# Adventures with AWS X-Ray and CDK - Part 1

One of the big challenges of distributed systems, such as serverless, is observability. In previous posts, I had a look at [structured logging](https://www.10printiamcool.com/custom-metric-properties-and-cloudwatch-insights), [metrics](https://www.10printiamcool.com/adding-lambda-custom-metrics-the-easy-way), and [alarms](https://www.10printiamcool.com/creating-custom-metric-alarms-with-cdk). All these play an important part in building a maintainable system. One thing that I haven't covered is distributed tracing, as I had had no experience with it. So this is a record of my first steps using [X-Ray](https://aws.amazon.com/xray/), the AWS offering you get included with your AWS account.

Please be aware there are numerous excellent third-party offerings, such as the following:

- [New Relic](https://newrelic.com/)
- [Datadog](https://www.datadoghq.com/)
- [Lumigo](https://lumigo.io/)
- [Thundra](https://www.thundra.io/)

In order to dip my toe into the world of X-Ray, I decided to instrument the examples I created for my [CDK Cloud Test Kit](https://www.npmjs.com/package/@andybalham/cdk-cloud-test-kit) `npm` package. These example use a variety of services, e.g. SNS, SQS, EventBridge, etc, so provide a good starting point to learn.
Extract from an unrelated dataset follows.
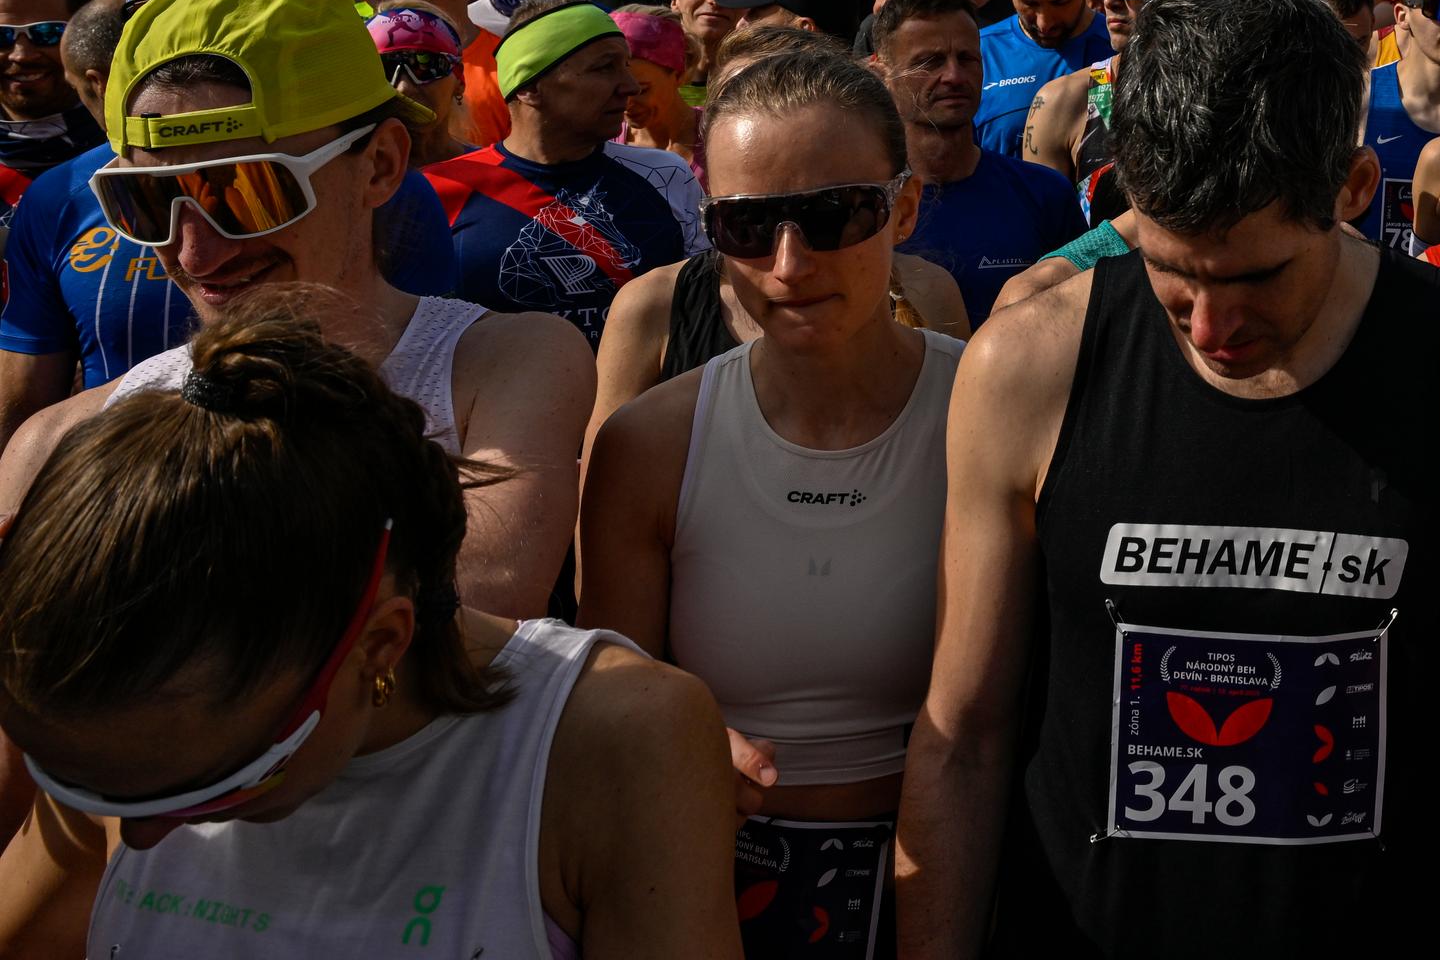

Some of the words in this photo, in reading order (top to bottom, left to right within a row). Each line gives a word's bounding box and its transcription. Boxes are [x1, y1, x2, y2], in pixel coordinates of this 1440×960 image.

## API Gateway, Lambda, and EventBridge

This example consists of an API Gateway backed by a Lambda function. The Lambda function does the following:

- Generates a unique reference
- Stores the body of the request in S3, under the reference generated
- Creates a pre-signed URL, allowing access to the S3 object created
- Publishes an event to EventBridge containing the reference and the pre-signed URL

![Diagram showing the Request API construct](https://raw.githubusercontent.com/andybalham/cdk-cloud-test-kit/main/examples/request-api/images/request-api-overview.png)

This gives us a nice example to see if we can trace requests from API Gateway, through a Lambda function, through EventBridge, to another Lambda function.

### Adding X-Ray to our CDK code

The `RequestApi` construct contains the `RestApi` instance and the Lambda function it calls.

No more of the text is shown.